(Source data)
# # #
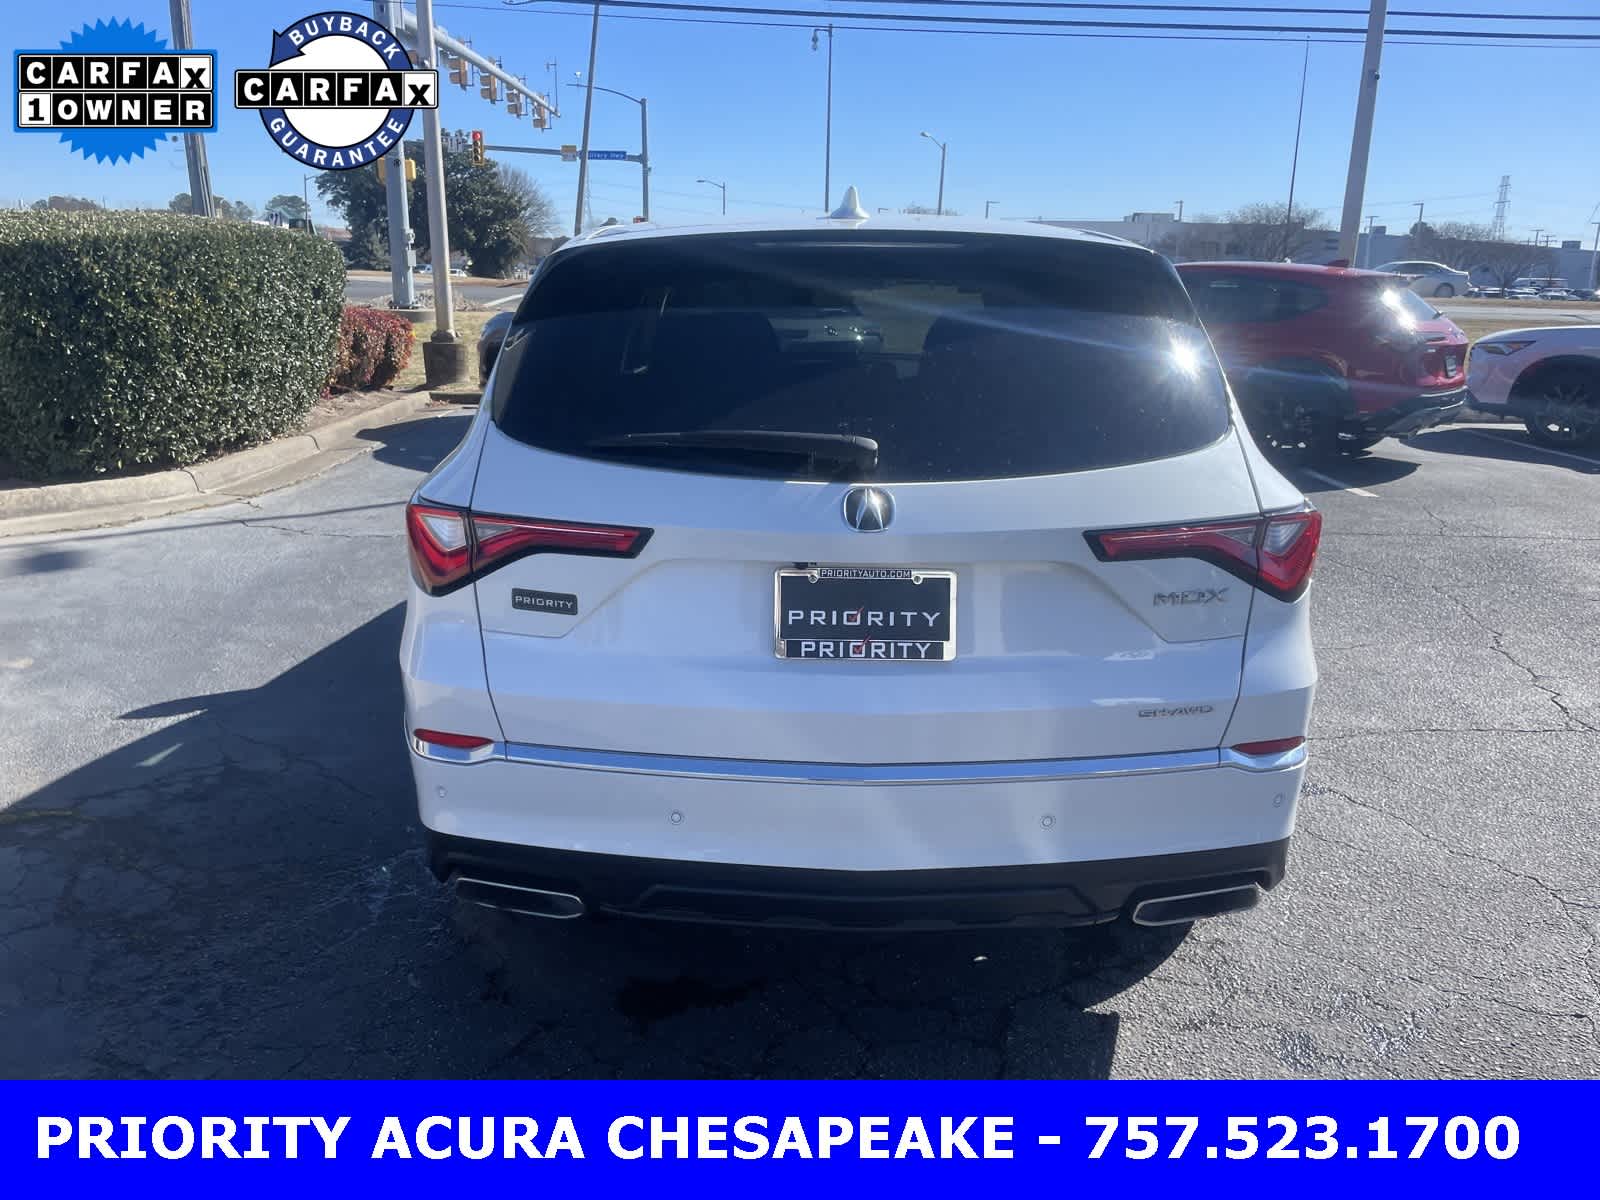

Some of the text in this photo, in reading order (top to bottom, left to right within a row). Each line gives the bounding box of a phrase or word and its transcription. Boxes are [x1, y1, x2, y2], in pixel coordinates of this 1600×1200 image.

[821, 569, 912, 578] PRIORITYAUTO.COM
[514, 595, 573, 609] PRIORITY
[1153, 588, 1230, 606] MDX
[788, 609, 941, 627] PRIORITY
[801, 641, 931, 659] PRIORITY
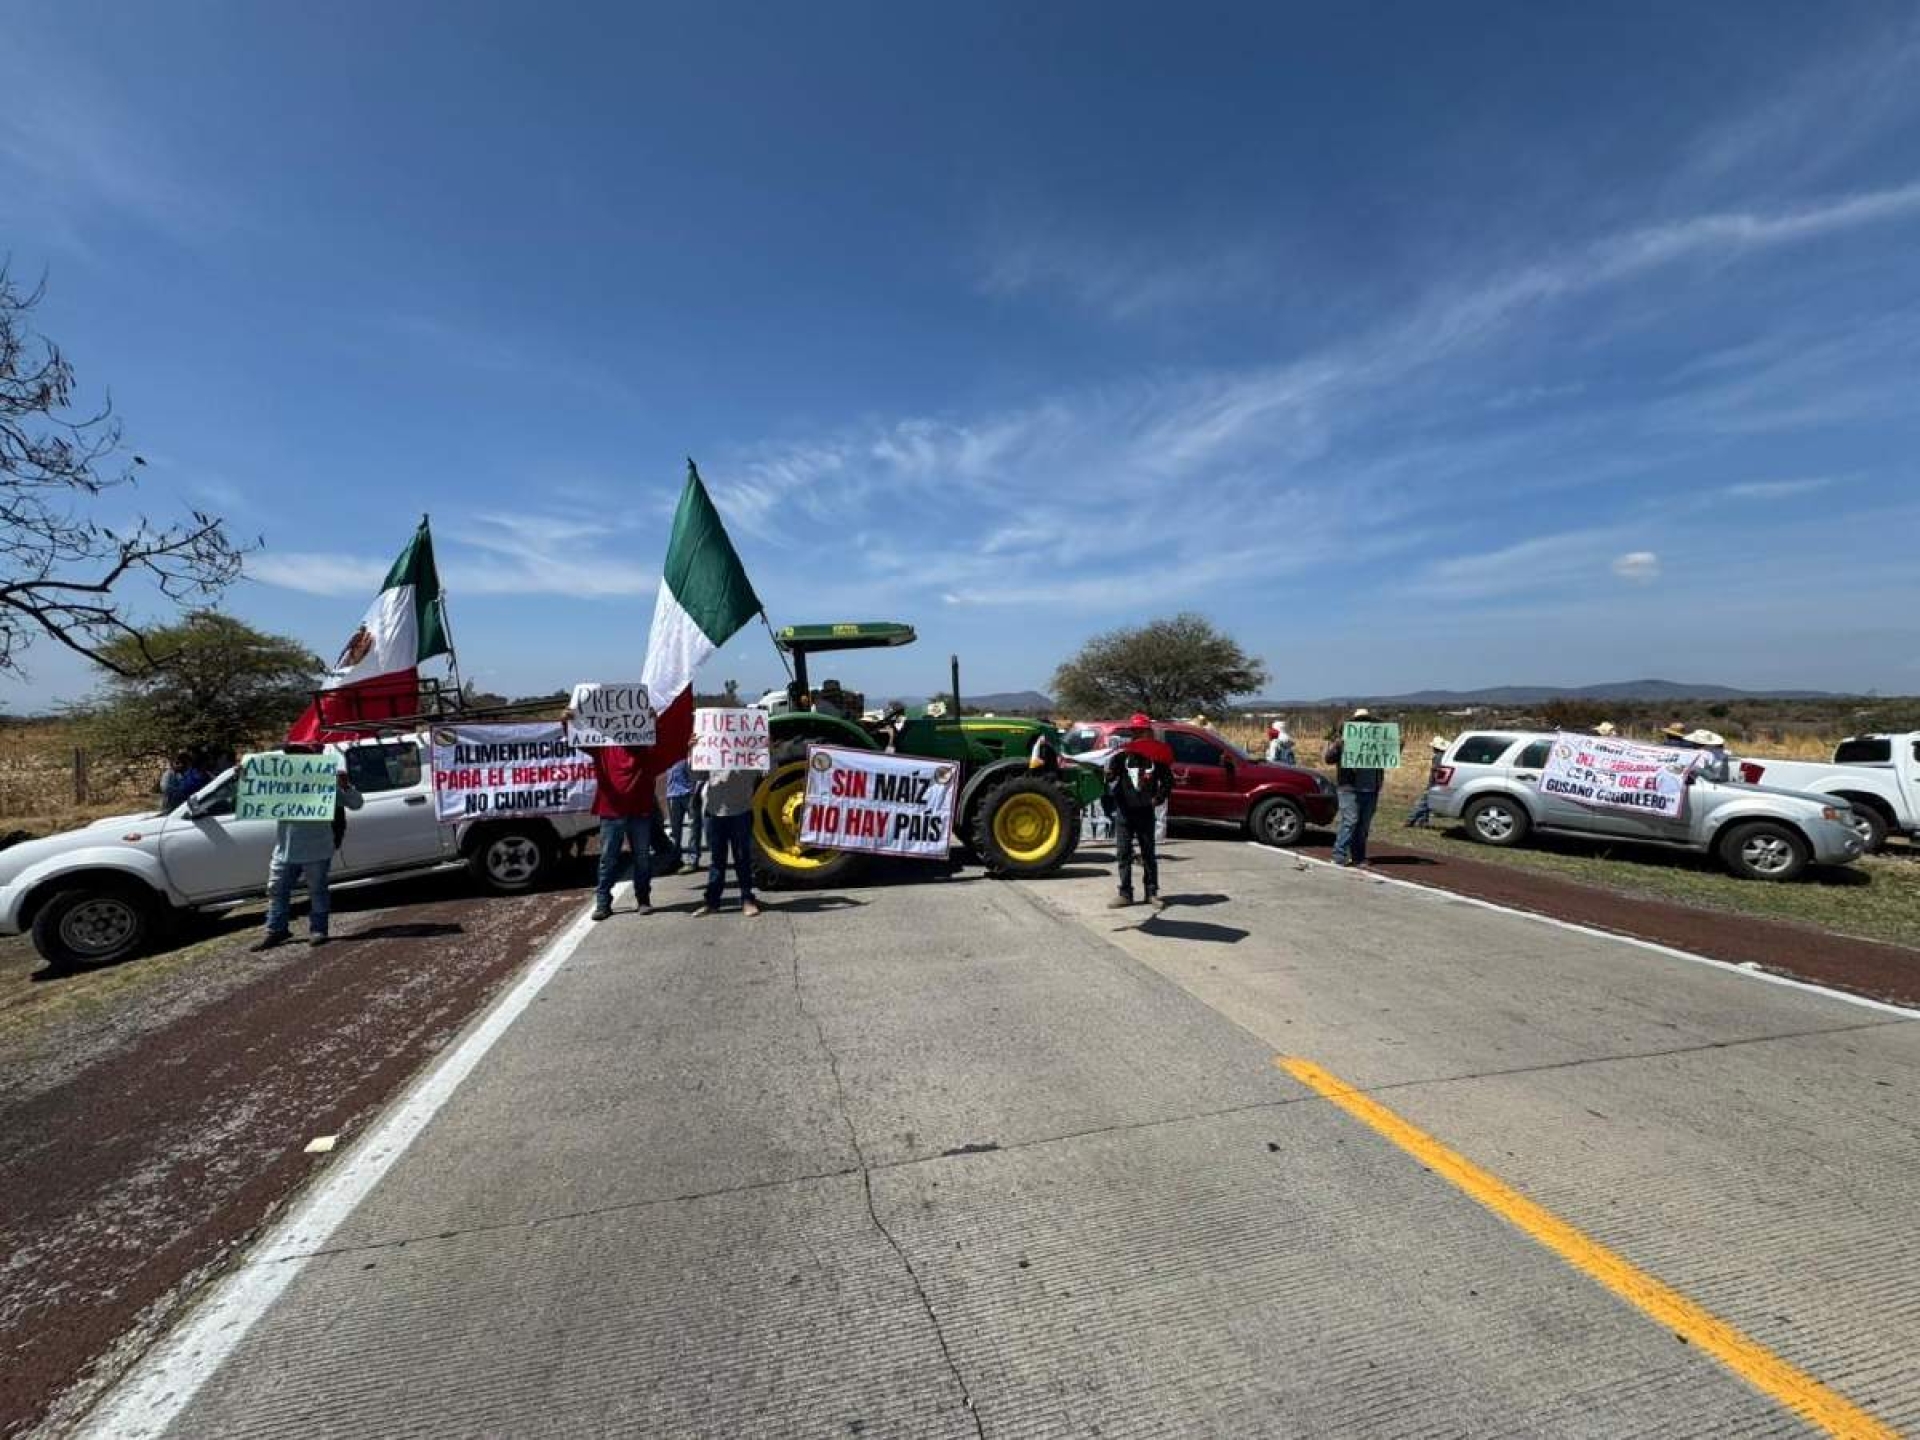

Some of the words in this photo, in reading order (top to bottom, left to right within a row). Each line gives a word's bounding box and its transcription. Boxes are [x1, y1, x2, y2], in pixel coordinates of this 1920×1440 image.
# # #
Could you output the lines above exactly, with no pictures included?

Some of the text in this photo, in reading order (top to bottom, left to right within a row). Each line gives the bounding box of a phrase or word and its transcription. Boxes are [x1, y1, x2, y2], in pixel coordinates of this 1600×1200 image.

[821, 569, 912, 578] PRIORITYAUTO.COM
[514, 595, 573, 609] PRIORITY
[1153, 588, 1230, 606] MDX
[788, 609, 941, 627] PRIORITY
[801, 641, 931, 659] PRIORITY

Some of the words in this photo, in reading order (top to bottom, left to right within a row). Each line gives a word's bounding box and its transcription. Boxes are [x1, y1, x2, y2], in pixel coordinates of this 1920×1440 image.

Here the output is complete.